まず考えるべきは、要件定義を開始する前に、ERP導入における目的(目指すべきゴール)を定義することが重要です。


POINT02経営層と現場間にギャップがあるERP導入プロジェクトでよく発生するトラブルは、経営層と現場間でのギャップ(認識の相違)です。

経営層は経営目標実現のためのIT施策としてERP導入を考えていますが、現場ユーザーは現行システムの使いづらさの解消、個別業務の効率化や自動化等に焦点を当てていたりするため、会社全体で方向性が定まっておらず、共通の認識を持てていない為にトラブルが起こってしまいます。

経営層が思う理想像では現場業務が回らず、現場が思う理想像では経営視点が欠けており経営目標が達成できなかったり、会社全体で見ると非効率になったりといった事態に陥ってしまいます。

ERPを導入する際には、経営層と現場、更に現場間(部署間)も含め、ギャップを埋めるために会社全体で共通の認識を持つことが必要不可欠です。


POINT03決定権のあるプロジェクトオーナー(責任者)の不在ERP導入時のユーザー側プロジェクト体制について、情報システム部門の部課長クラスや役員クラスがプロジェクトオーナーの場合、名ばかりでプロジェクト運営に関わらない場合もあります。

そのような決定権のあるオーナーが不在のプロジェクトの場合、各部署の力関係に影響され、特定部署の意見が強く反映されてしまったり、立場が弱い部署の業務負荷が増えてしまったり、立場が弱く現場からの意見を経営層に伝えられず現場側が使えないシステムになってしまったりと、全社的にERP導入のメリットを享受できないという事態を招いてしまいます。

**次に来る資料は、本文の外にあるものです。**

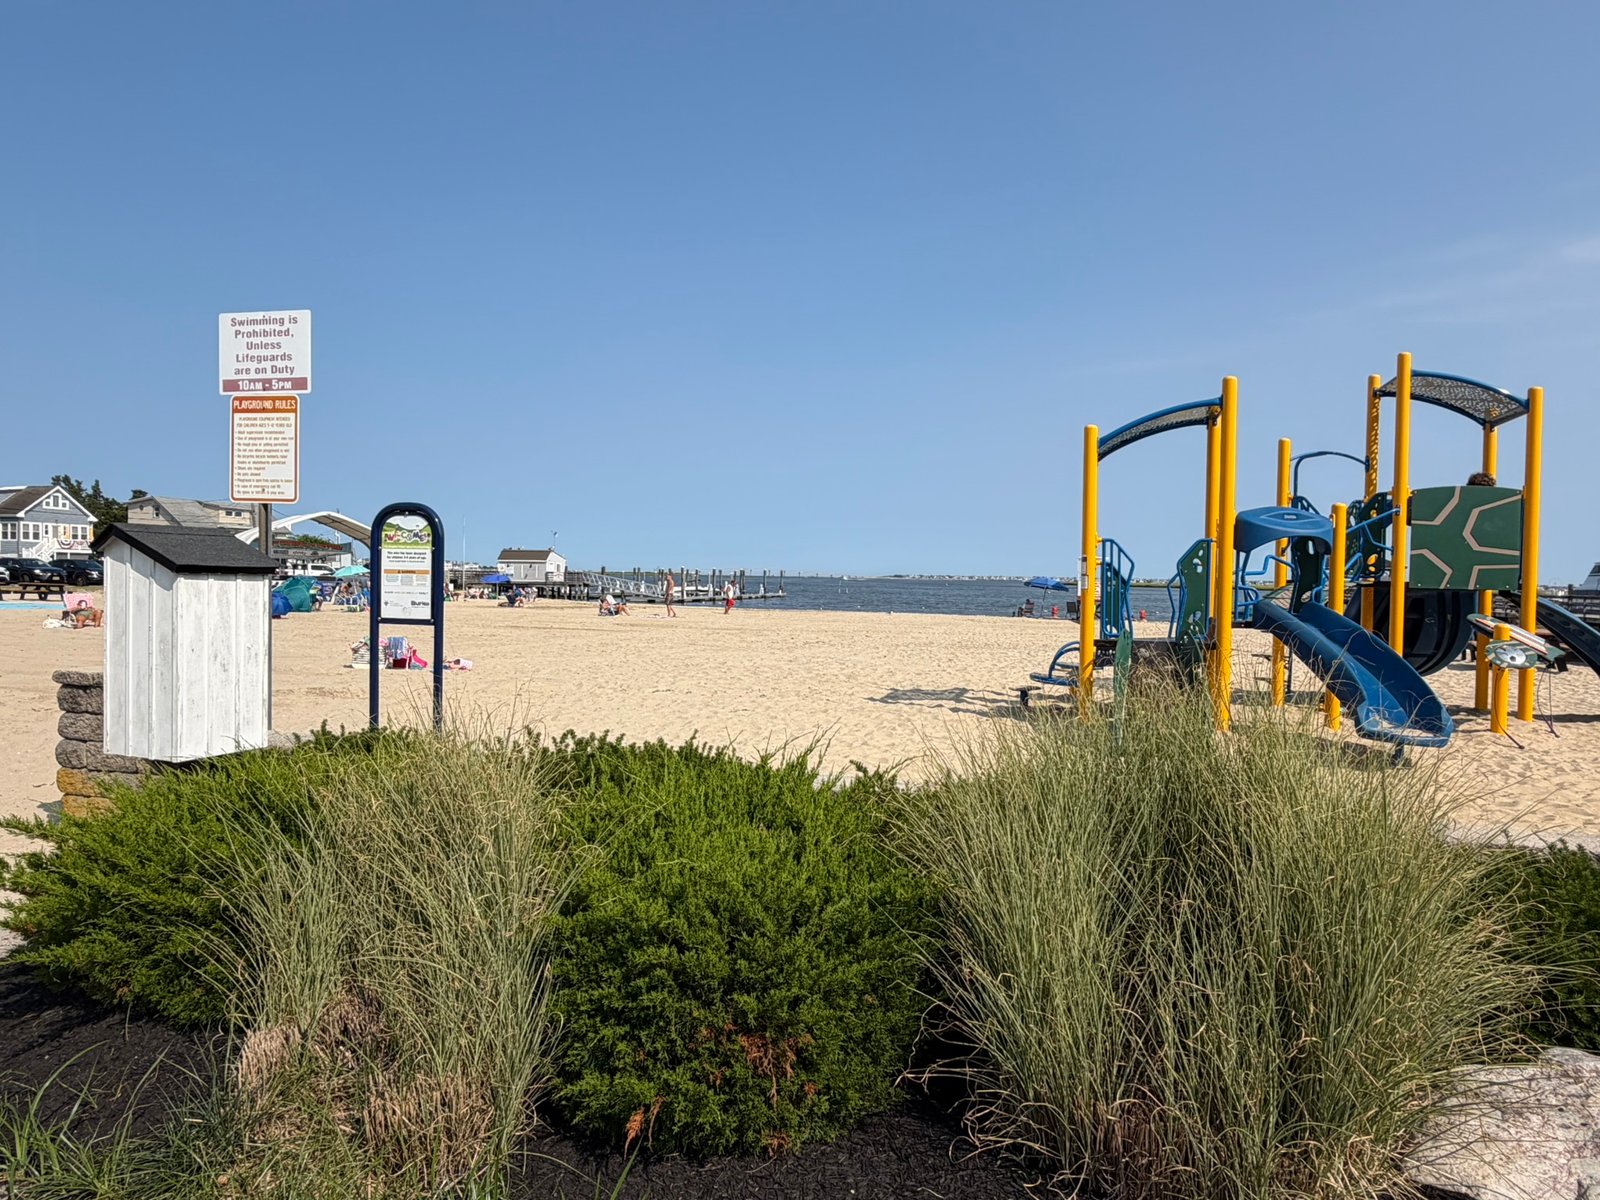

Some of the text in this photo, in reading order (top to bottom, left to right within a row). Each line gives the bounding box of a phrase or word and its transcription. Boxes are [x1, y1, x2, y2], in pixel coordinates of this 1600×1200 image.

現場からの様々な意見を吸い上げ経営層に伝えることができ、時には会社全体のために現場を納得させられるような決定権のある立場のプロジェクトオーナーが旗振り役をする必要があります。


POINT04極端な短納期、低コストスケジュールが短すぎたり予算が少なすぎたりすると目的が達成できず、中途半端な状態で本稼働を迎えることとなります。

スケジュールが短すぎる場合、スケジュールを守るためにERPベンダーに無理を強いてしまうことになり、途中工程は上手くいっているように見えても、後半の工程に問題を先送りにしてしまい、本稼働前になっていきなり稼働延期や追加コストが発生するという事態にもなりかねません。

逆にスケジュールが長く予算が多すぎても、当初掲げた方針が薄れたり、目的以上に過剰な要求が発生するためにシステムが肥大化してしまう恐れもあります。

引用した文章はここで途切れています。